Structure and Dynamics of Hemimethylated GATC Sites: IMPLICATIONS FOR DNA-SeqA RECOGNITION

Abstract

DNA methylation occurs in most organisms from bacteria to mammals and provides a mechanism for epigenetic control of a variety of cellular processes. In Escherichia coli, most of the N6 positions in adenines found in the sequence GATC are methylated by DNA adenine methyltransferase. After DNA replication, the GATC sites exist transiently in the hemimethylated state, and the specific recognition of these hemimethylated GATC sites is essential for several processes, including sequestration of the site of replication initiation by the SeqA protein, strand discrimination in DNA mismatch repair by the MutH protein, and transcription of several genes. Here, we characterize the solution structure and dynamics of two dodecamer DNA duplexes that each contains a single GATC site in either unmethylated or hemimethylated state.
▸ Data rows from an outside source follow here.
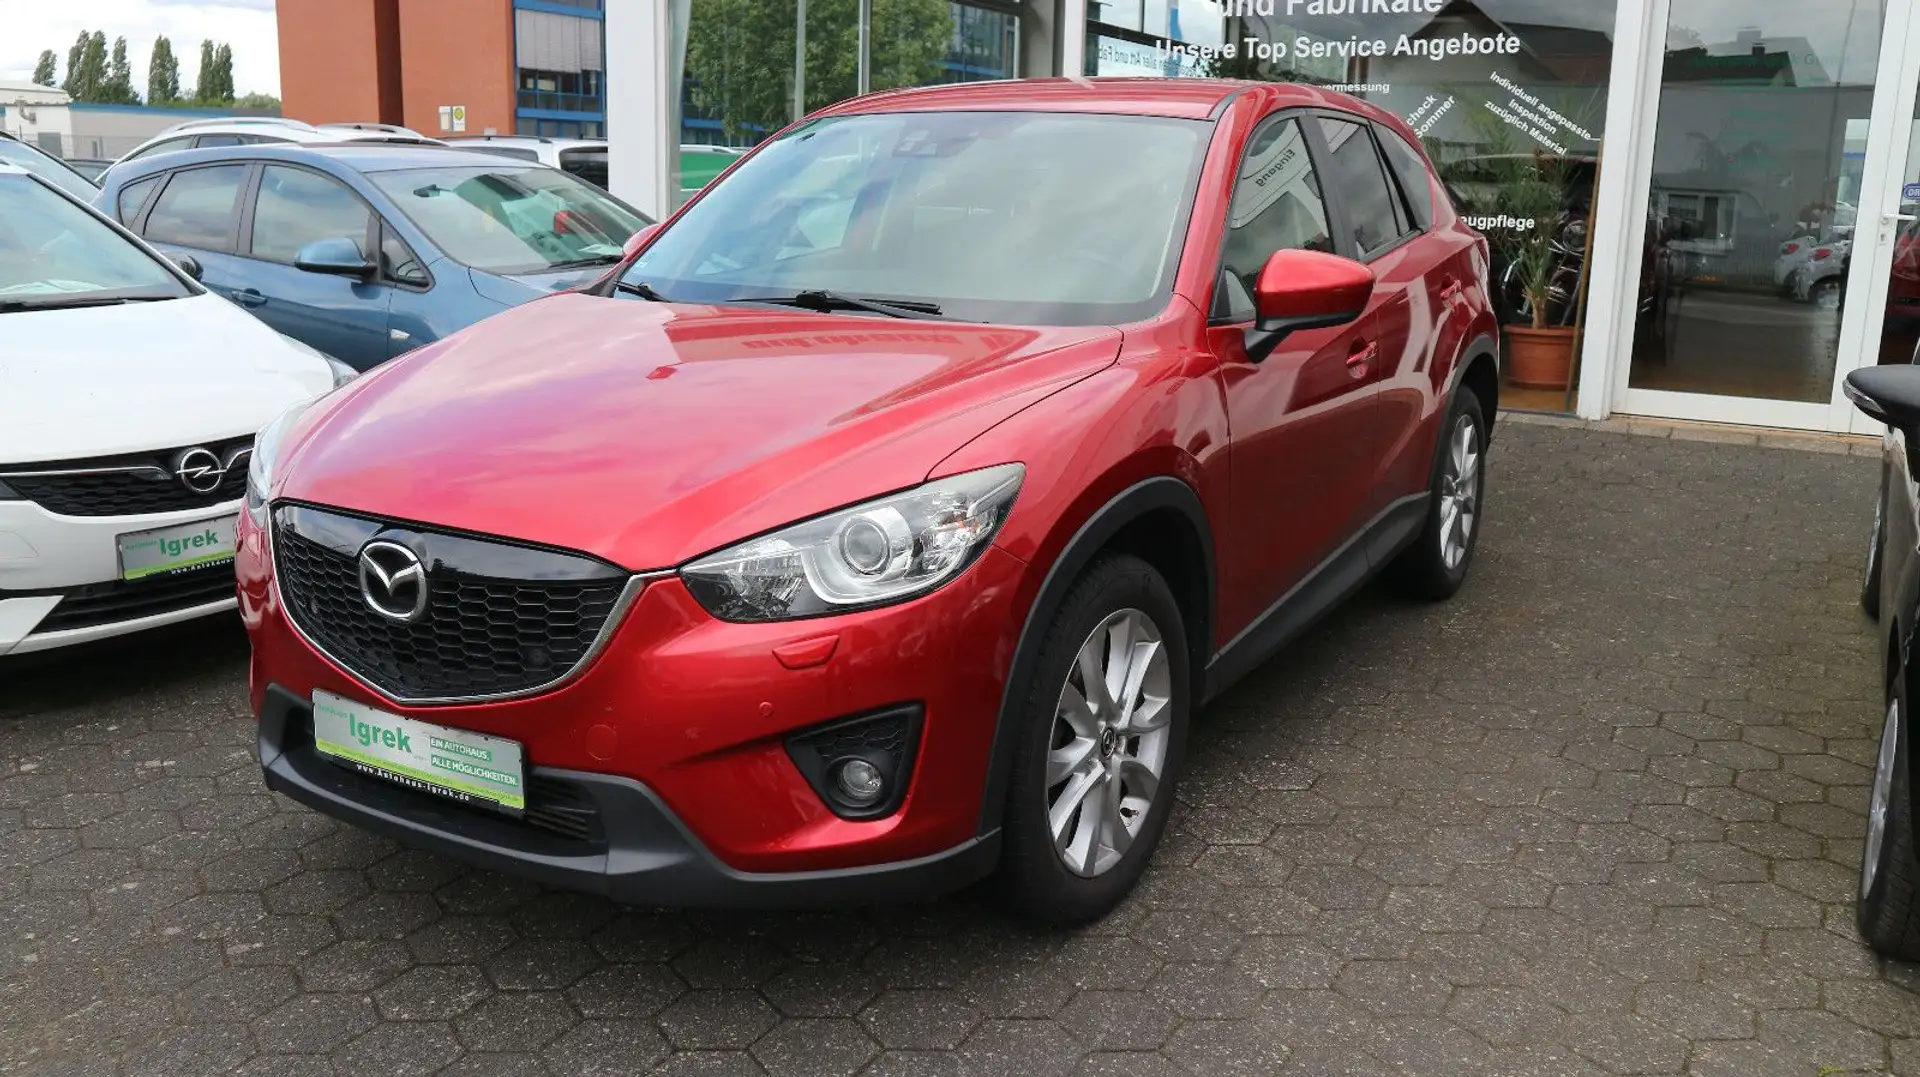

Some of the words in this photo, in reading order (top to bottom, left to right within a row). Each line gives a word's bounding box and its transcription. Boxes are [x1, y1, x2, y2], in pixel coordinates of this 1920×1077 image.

[1220, 0, 1274, 17] und
[1286, 0, 1443, 16] Fabrikate
[1155, 38, 1235, 60] Unsere
[1243, 36, 1287, 63] Top
[1294, 34, 1386, 58] Service
[1392, 31, 1521, 62] Angebote
[1406, 94, 1438, 126] check
[1414, 95, 1456, 139] Sommer
[1489, 70, 1539, 108] Individuell
[1537, 102, 1592, 141] angepasste
[1508, 98, 1558, 135] Inspektion
[1484, 99, 1529, 132] zuzüglich
[1528, 126, 1568, 156] Material
[159, 529, 219, 557] Igrek
[349, 712, 412, 754] Igrek
[430, 739, 444, 749] EIN
[432, 756, 452, 769] ALLE
We found that the N6-methylated adenine of a hemimethylated GATC site undergoes a slow trans-cis interconversion. The release of a tightly bound cation from hemimethylated DNA explains the instability of this structure. In addition, quantitative structural analysis revealed that hemimethylated DNA has unusual backbone structures and a remarkably narrow major groove. These dynamic and structural features provide insights into the specific recognition of hemimethylated GATC sites by the SeqA protein.